● Assigned task
Retype each record exactly; no pictures.

● Input for this task
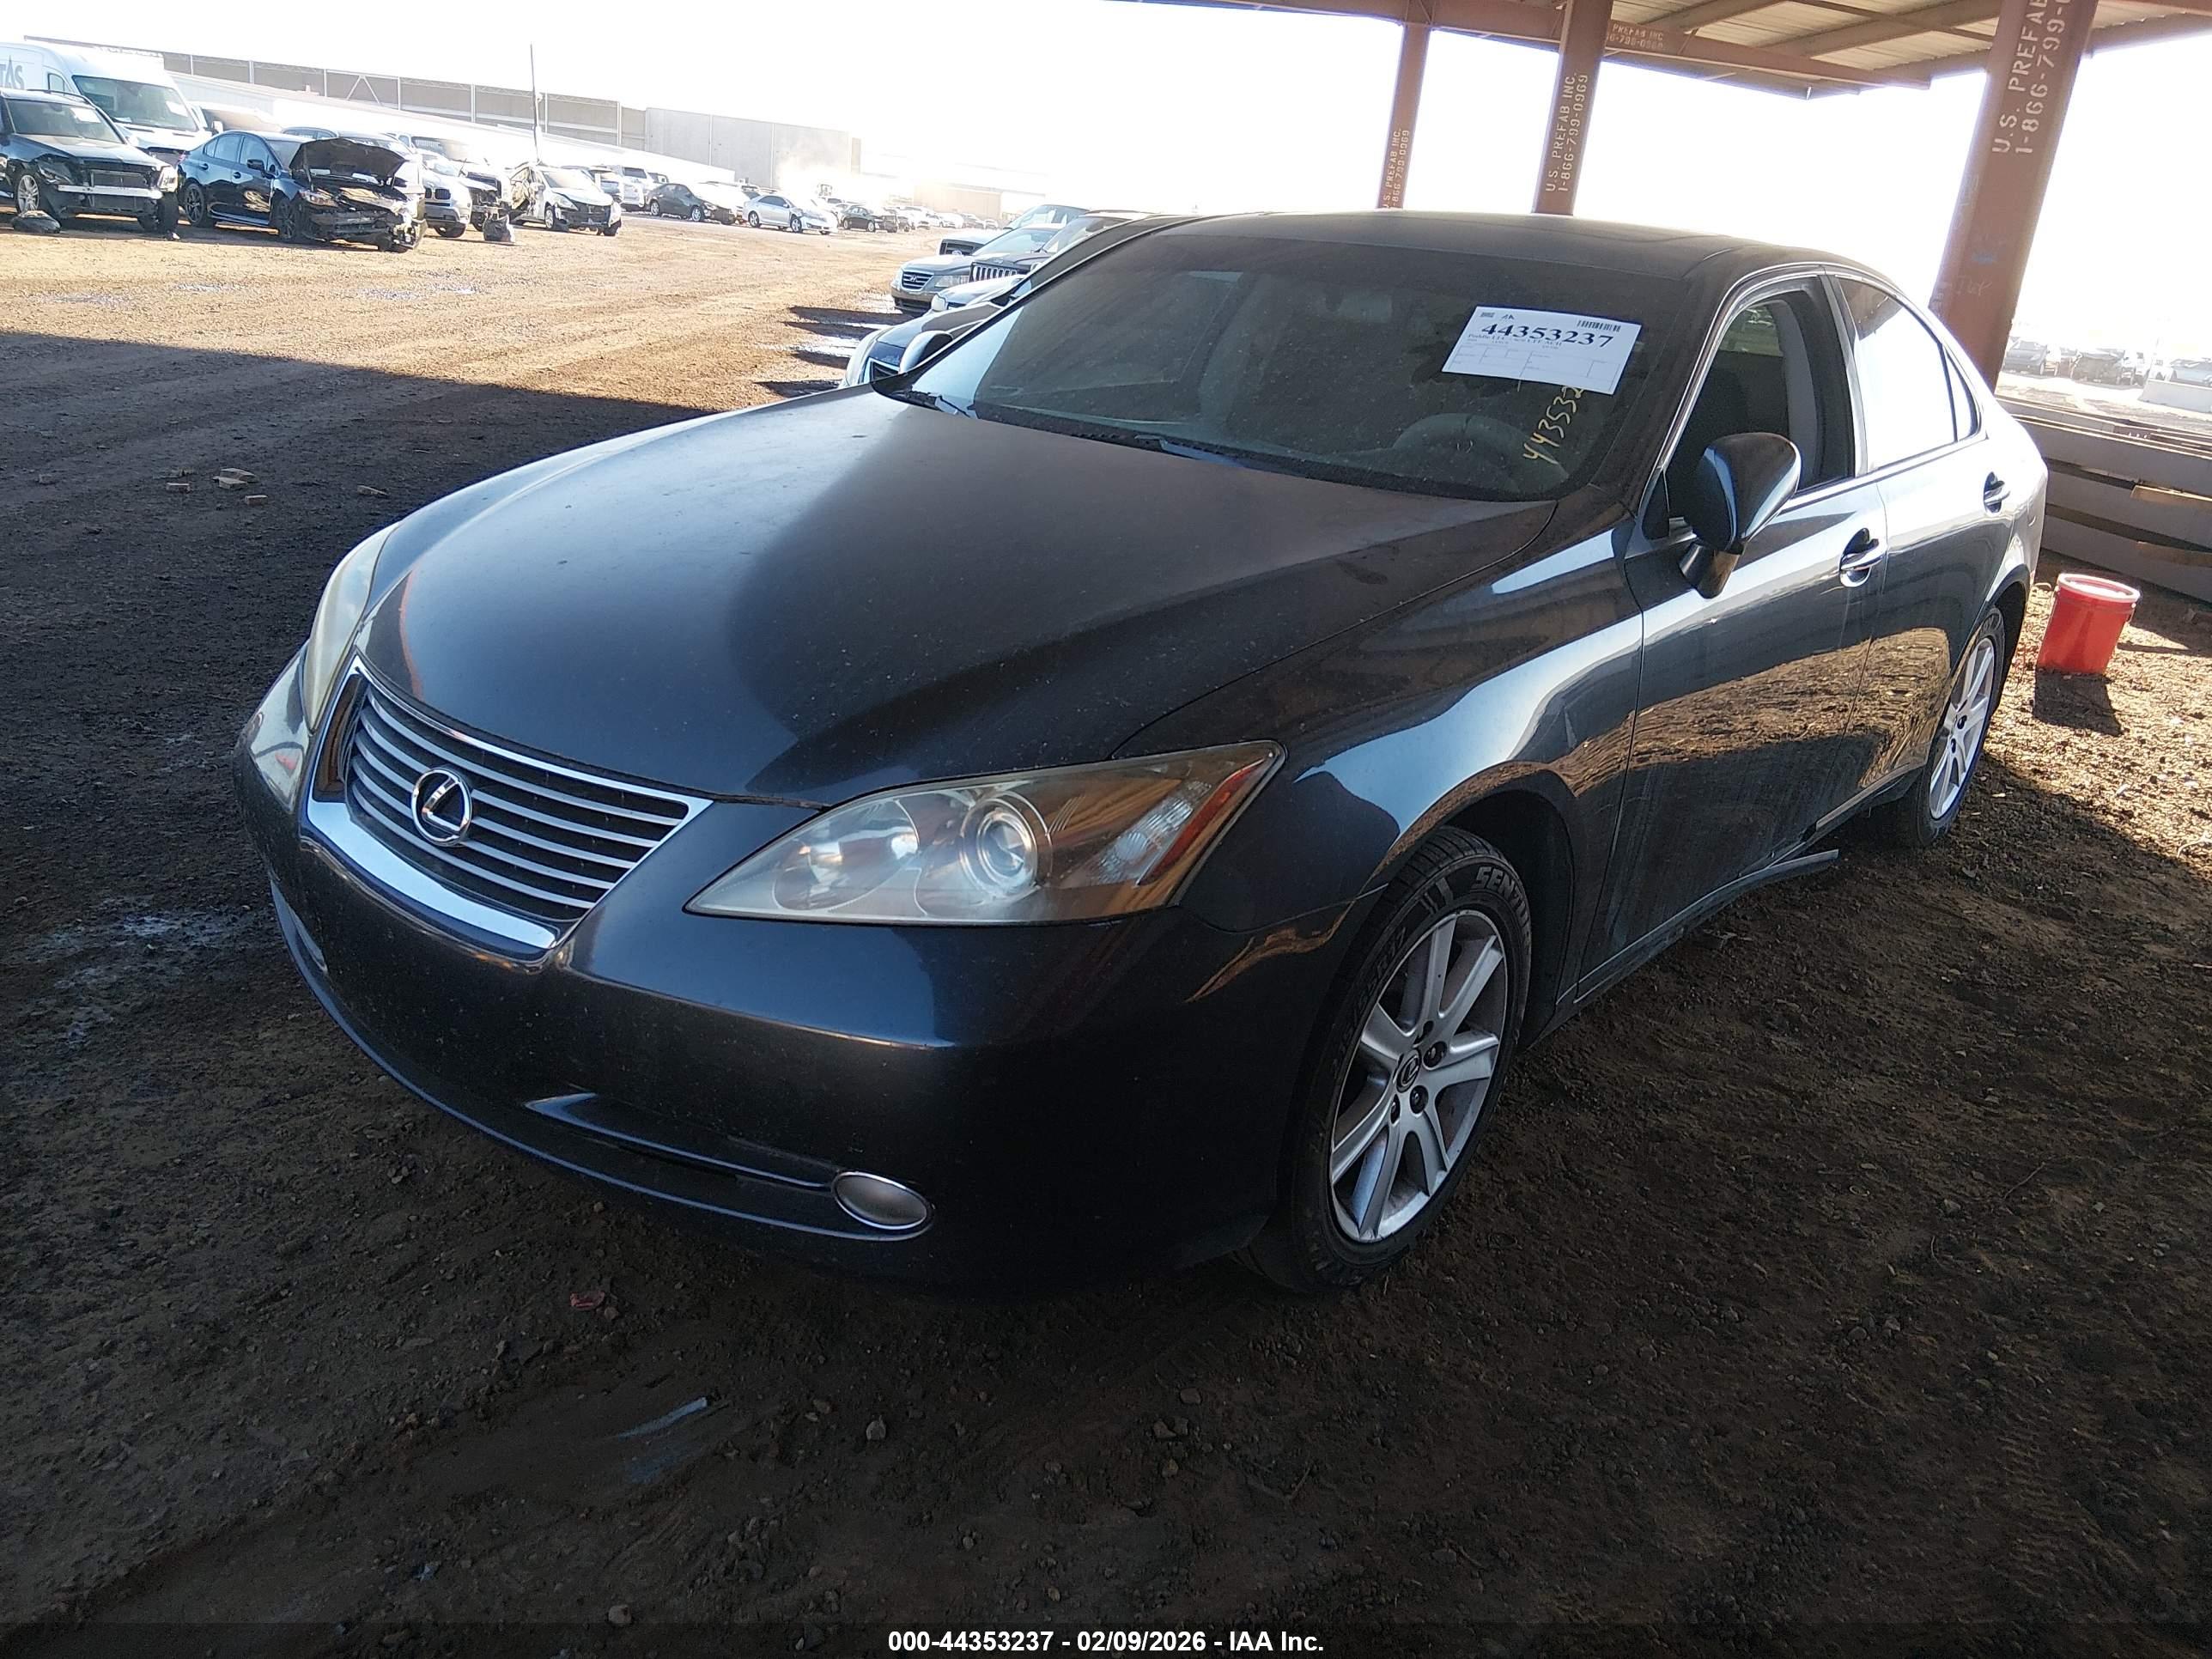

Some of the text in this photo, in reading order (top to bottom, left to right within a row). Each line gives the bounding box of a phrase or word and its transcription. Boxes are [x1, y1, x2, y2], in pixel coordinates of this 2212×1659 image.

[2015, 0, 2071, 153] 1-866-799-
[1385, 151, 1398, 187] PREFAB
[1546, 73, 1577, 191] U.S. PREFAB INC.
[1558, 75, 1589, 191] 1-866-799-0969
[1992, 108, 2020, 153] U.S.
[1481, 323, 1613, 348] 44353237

● Solved exercise
Some of the text in this photo, in reading order (top to bottom, left to right within a row). Each line gives the bounding box of a phrase or word and its transcription. Boxes are [x1, y1, x2, y2], in pixel coordinates of this 2212×1659 image.

[2015, 0, 2071, 153] 1-866-799-
[1385, 151, 1398, 187] PREFAB
[1546, 73, 1577, 191] U.S. PREFAB INC.
[1558, 75, 1589, 191] 1-866-799-0969
[1992, 108, 2020, 153] U.S.
[1481, 323, 1613, 348] 44353237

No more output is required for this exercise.